Projet de recherche P7/32 (Action de recherche P7)
La réponse inflammatoire est cruciale dans la défense de l’hôte et également dans la réparation cellulaire.
L’inflammation est certes bénéfique mais peut devenir problématique lorsqu’elle n’est plus correctement
régulée. En conséquence, un grand nombre de pathologies inflammatoires, qu’elles soient aiguës ou
chroniques, résulte de la dérégulation de points de contrôle importants. Ces patients souffrant de damages
tissulaires résultant de mort cellulaire, de réorganisation des matrices extracellulaires ou de production
excessives de cytokines proinflammatoires. De nombreux signaux inflammatoires déclenchent des voies de
signalisation qui convergent vers le facteur transcriptionnel NF-B dont l’activation assure l’expression de
gènes impliqués dans la réponse inflammatoire et dans la survie cellulaire. Par conséquent, il est important
de comprendre de façon exhaustive comment ces voies de signalisation activent ce facteur transcriptionnel.

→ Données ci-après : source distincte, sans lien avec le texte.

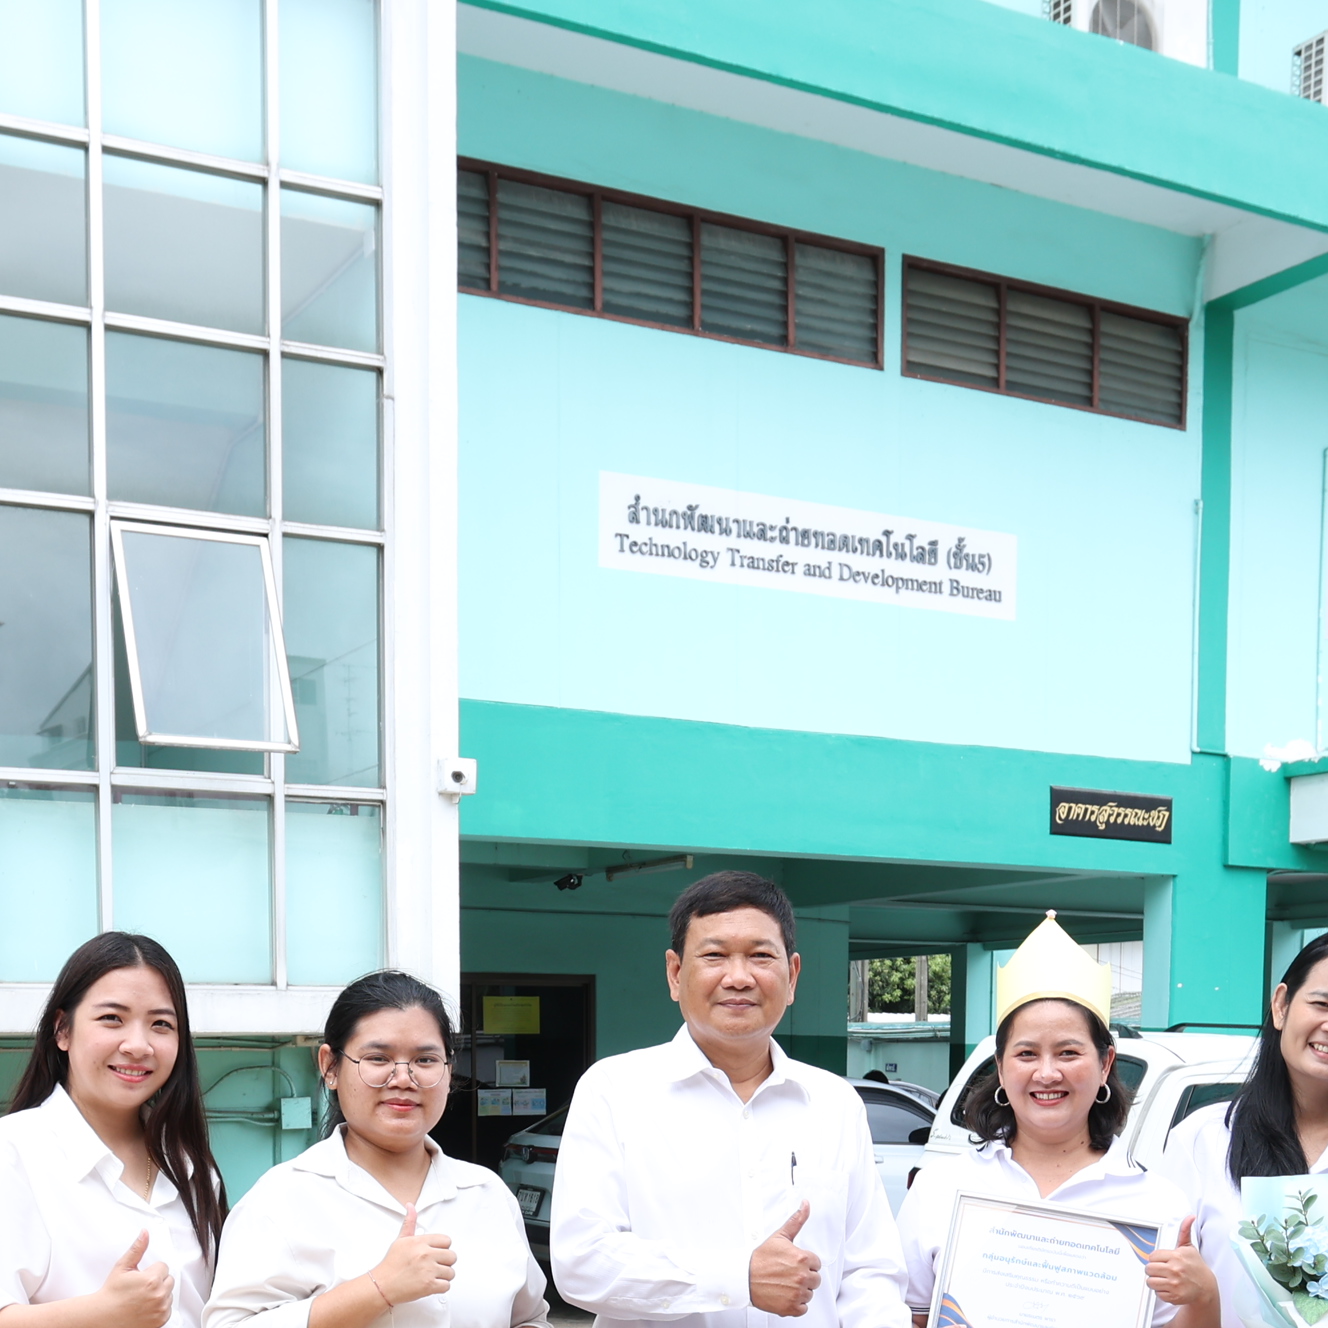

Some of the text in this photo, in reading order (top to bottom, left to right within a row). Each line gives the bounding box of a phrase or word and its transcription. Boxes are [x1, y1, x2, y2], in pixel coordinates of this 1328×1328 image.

La mort cellulaire et l’inflammation sont intimement liées. Une mort cellulaire excessive, qu’il s’agisse
d’apoptose ou de nécrose, peut conduire à une destruction cellulaire, ce qui entraîne une inflammation et/ou
une dégénération tandis que la mort cellulaire par nécroptose (une forme régulée de mort cellulaire par
nécrose), peut être à la base de plusieurs réactions inflammatoires. De plus, de nombreuses voies
convergent vers la réaction au stress du RE, à la réponse de la protéine dépliée («UPR») et vers
l’autophagie, un processus catabolique impliquant la dégradation de protéines via le lysosome. L’autophagie
a été identifiée comme un processus important pour la modulation de l’inflammation et de la mort cellulaire.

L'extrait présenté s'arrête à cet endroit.